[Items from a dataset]
=== Section Start ===

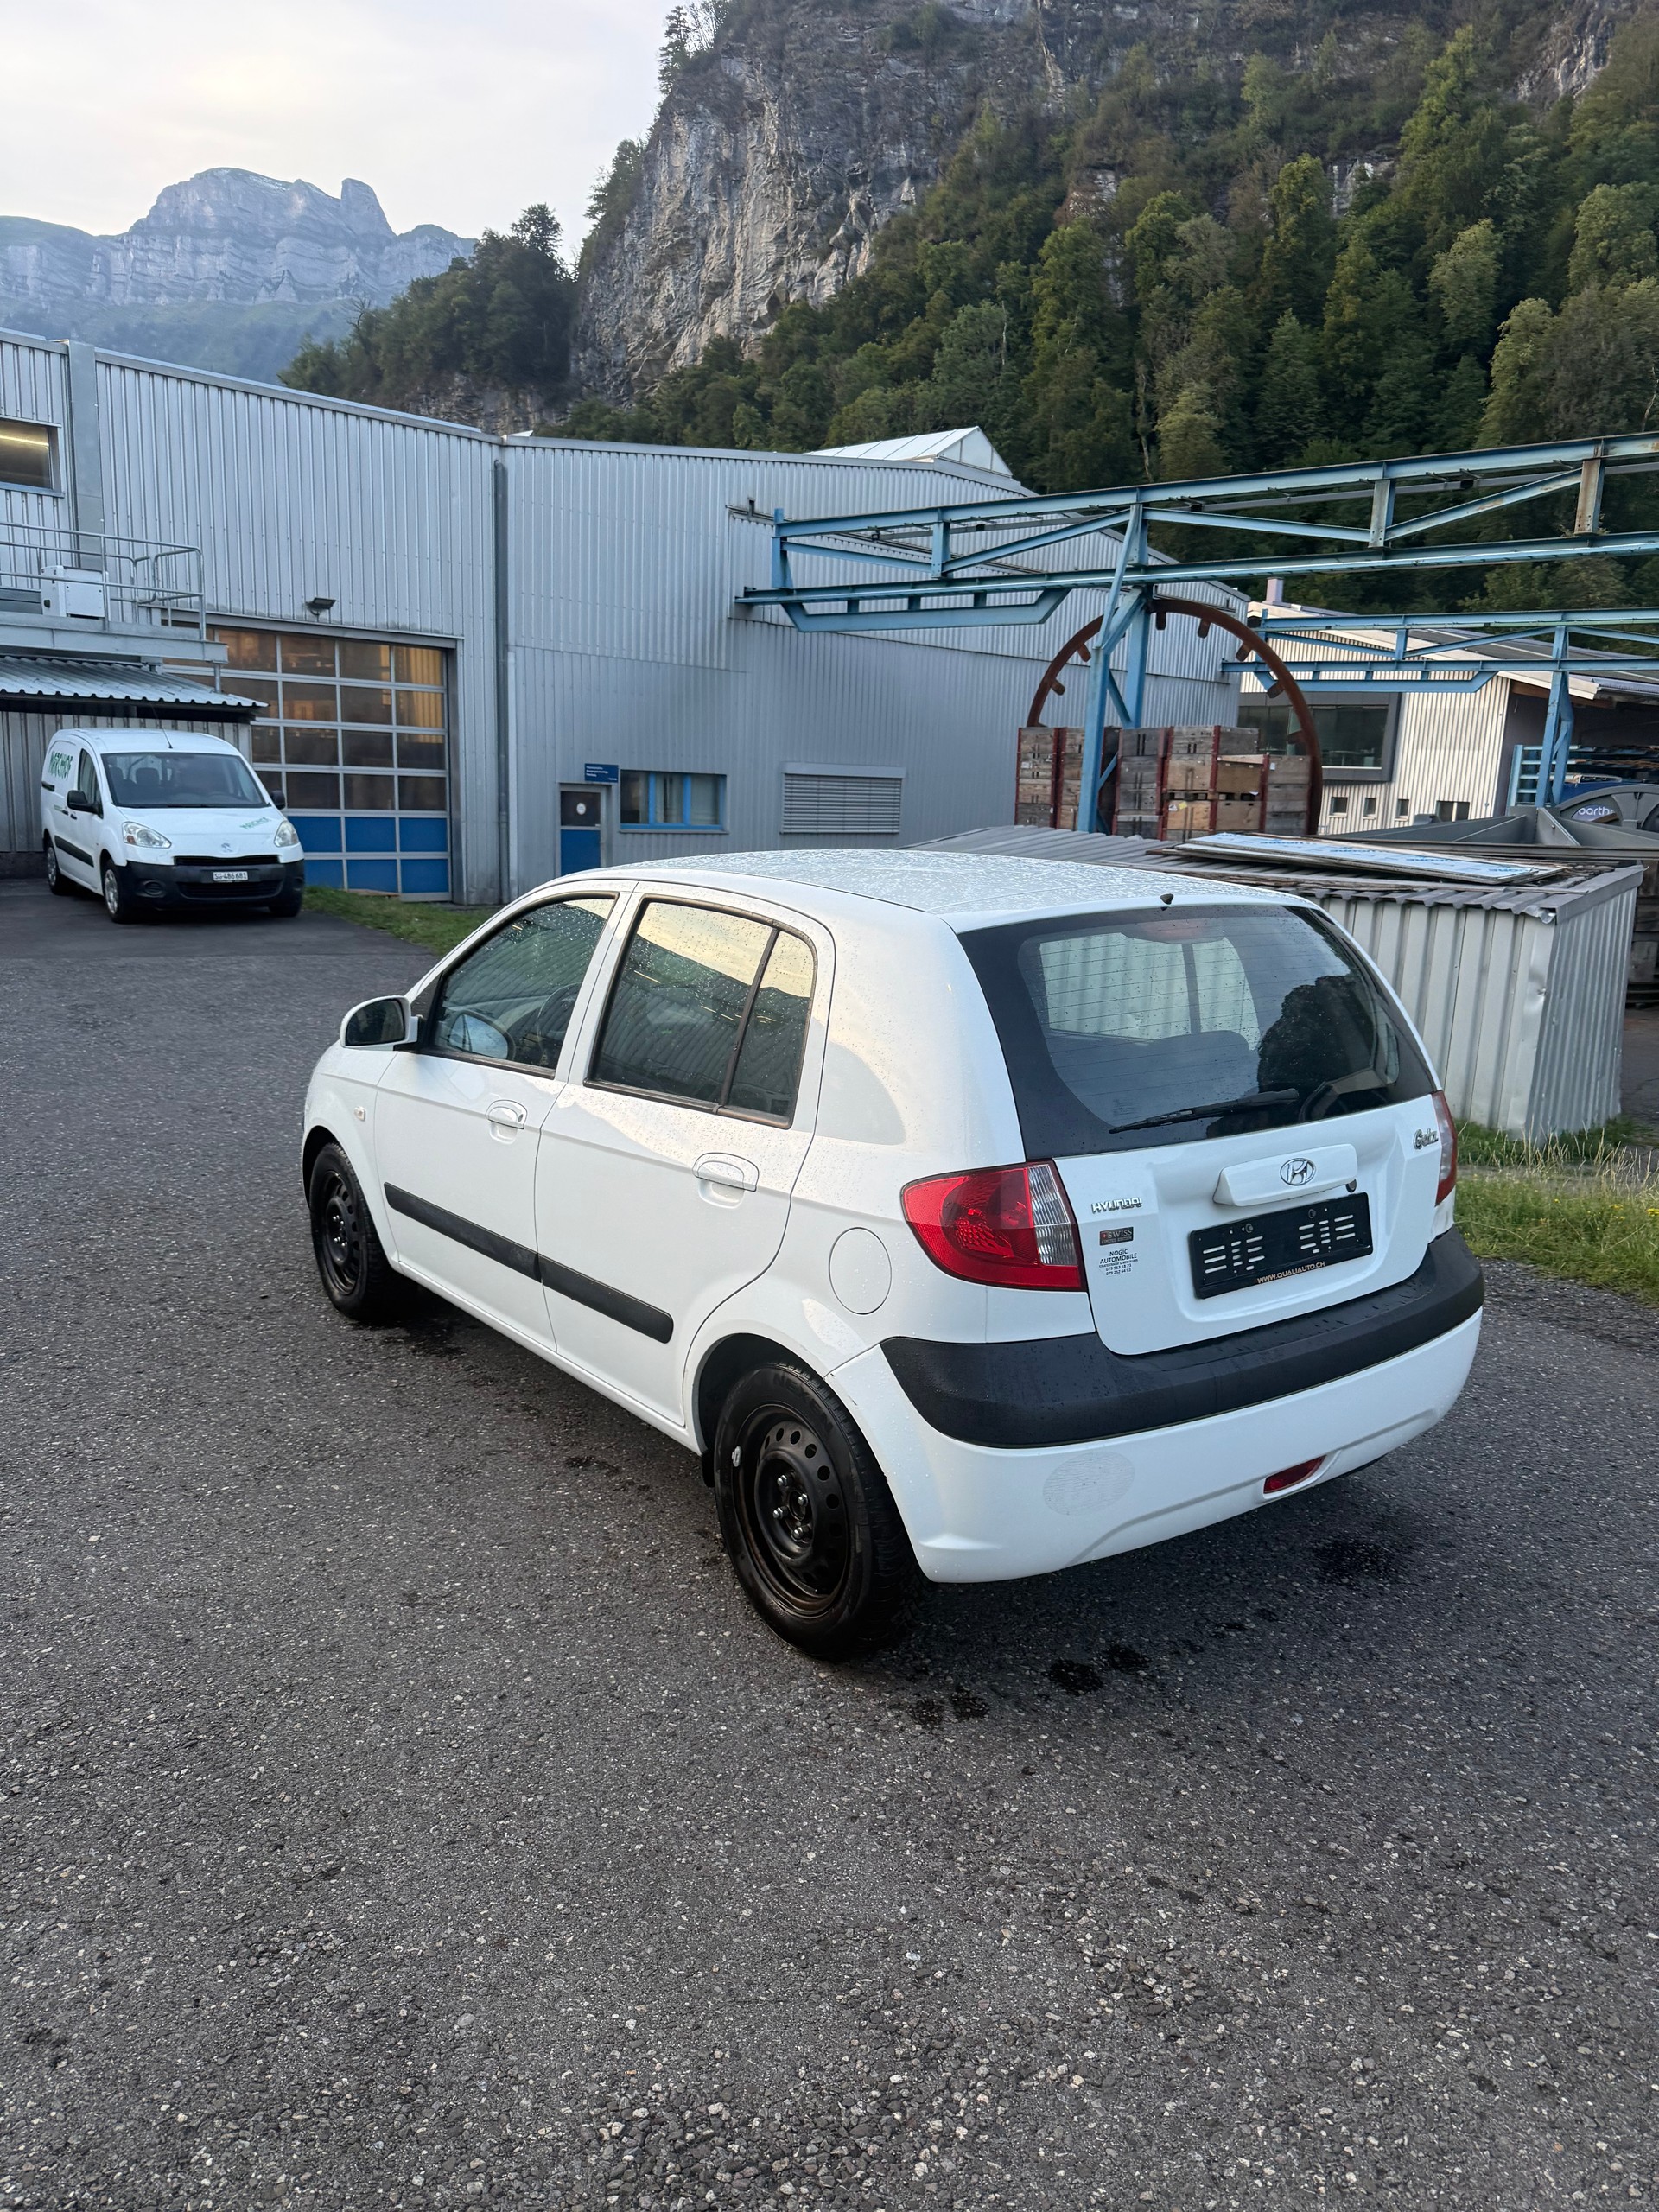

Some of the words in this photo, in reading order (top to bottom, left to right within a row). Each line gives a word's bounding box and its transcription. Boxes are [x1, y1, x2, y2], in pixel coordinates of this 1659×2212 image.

[1108, 1229, 1133, 1239] SWISS
[1109, 1249, 1128, 1257] NOGIC
[1099, 1253, 1138, 1264] AUTOMOBILE
[1257, 1261, 1325, 1284] WWW.QUALIAUTO.CH
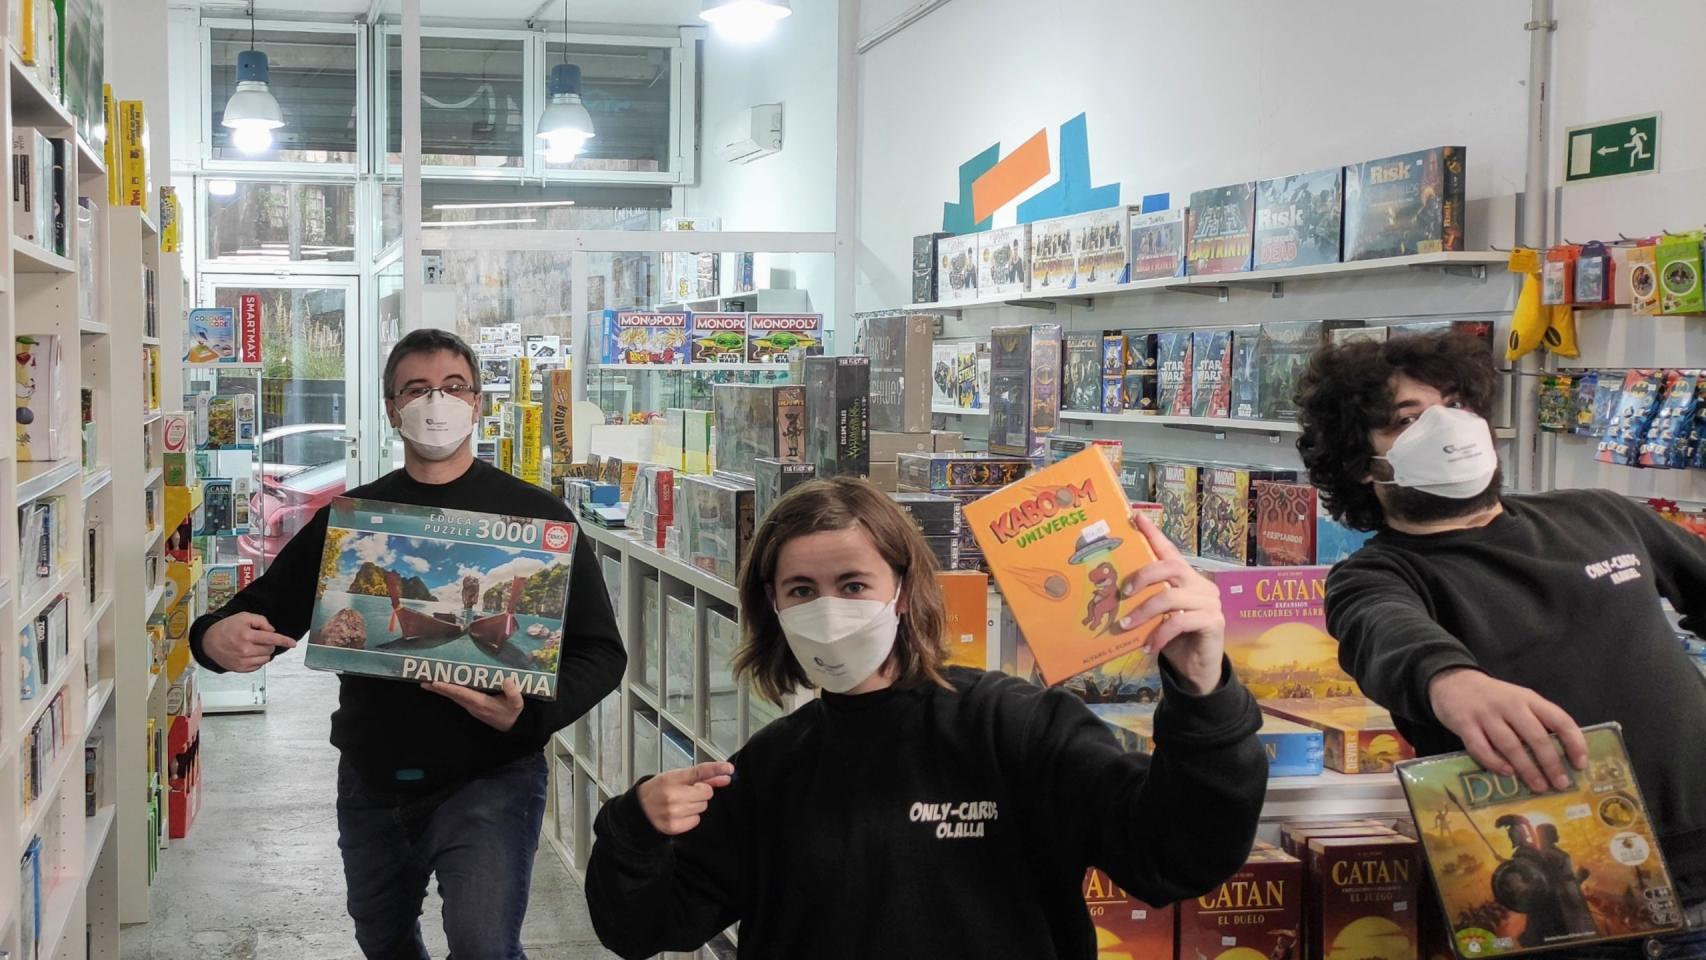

=== Section End ===

[WORK REQUIRED]
You need to copy every entry exactly, taking out only the pictures.

[WRITTEN SOLUTION]
Some of the words in this photo, in reading order (top to bottom, left to right within a row). Each line gives a word's bounding box and its transcription. Boxes are [x1, y1, x2, y2], in pixel coordinates of this 1659×2212 image.

[1108, 1229, 1133, 1239] SWISS
[1109, 1249, 1128, 1257] NOGIC
[1099, 1253, 1138, 1264] AUTOMOBILE
[1257, 1261, 1325, 1284] WWW.QUALIAUTO.CH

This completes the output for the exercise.